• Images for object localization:

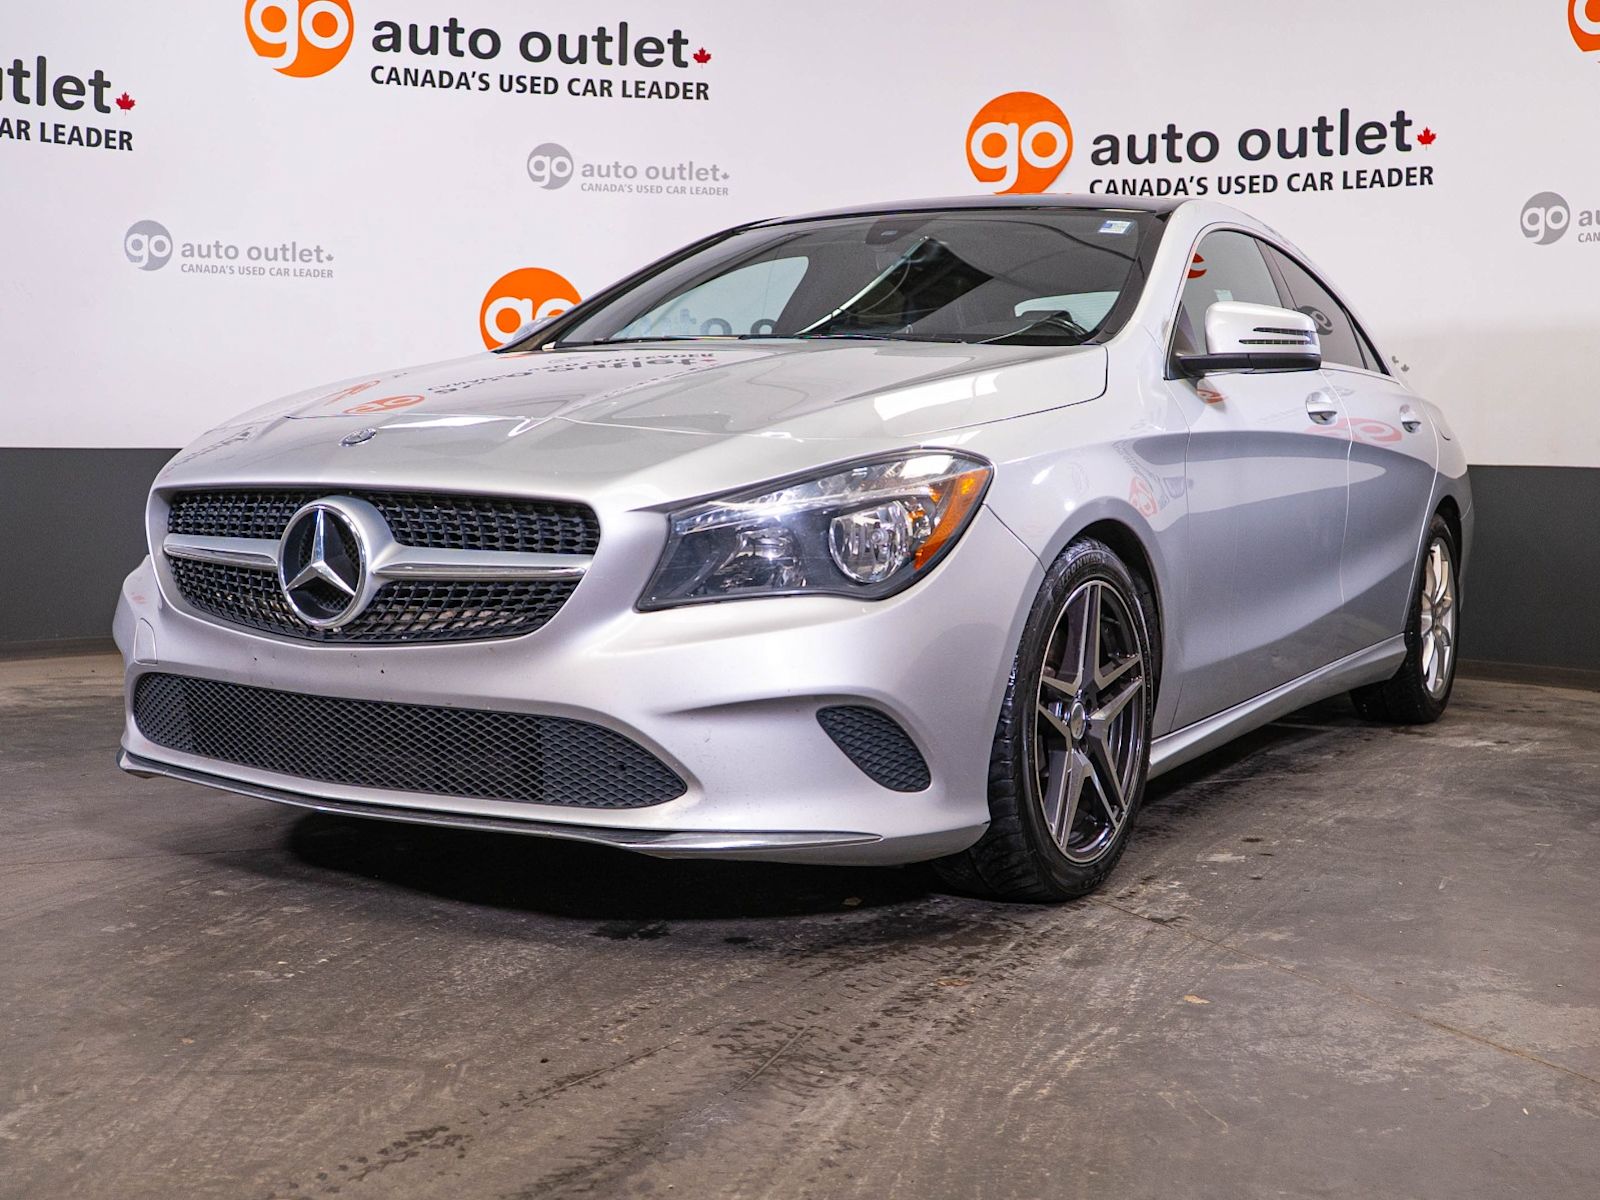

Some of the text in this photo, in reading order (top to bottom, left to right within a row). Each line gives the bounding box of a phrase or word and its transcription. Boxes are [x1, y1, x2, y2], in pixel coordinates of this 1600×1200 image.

[249, 0, 350, 70] go
[372, 17, 689, 68] auto outlet
[0, 55, 111, 114] tlet
[370, 65, 709, 100] CANADA'S USED CAR LEADER
[40, 122, 133, 151] LEADER
[1090, 108, 1412, 166] auto outlet
[528, 152, 573, 189] go
[581, 161, 720, 182] auto outlet
[970, 119, 1069, 194] go
[581, 182, 729, 197] CANADA'S USED CAR LEADER
[1089, 166, 1434, 196] CANADA'S USED CAR LEADER
[1522, 203, 1569, 244] go
[125, 231, 172, 270] go
[181, 240, 324, 263] auto outlet
[181, 263, 334, 278] CANADA'S USED CAR LEADER

• Exercise: Please copy the records above word for word, omitting every picture.

• Completed exercise:
Some of the text in this photo, in reading order (top to bottom, left to right within a row). Each line gives the bounding box of a phrase or word and its transcription. Boxes are [x1, y1, x2, y2], in pixel coordinates of this 1600×1200 image.

[249, 0, 350, 70] go
[372, 17, 689, 68] auto outlet
[0, 55, 111, 114] tlet
[370, 65, 709, 100] CANADA'S USED CAR LEADER
[40, 122, 133, 151] LEADER
[1090, 108, 1412, 166] auto outlet
[528, 152, 573, 189] go
[581, 161, 720, 182] auto outlet
[970, 119, 1069, 194] go
[581, 182, 729, 197] CANADA'S USED CAR LEADER
[1089, 166, 1434, 196] CANADA'S USED CAR LEADER
[1522, 203, 1569, 244] go
[125, 231, 172, 270] go
[181, 240, 324, 263] auto outlet
[181, 263, 334, 278] CANADA'S USED CAR LEADER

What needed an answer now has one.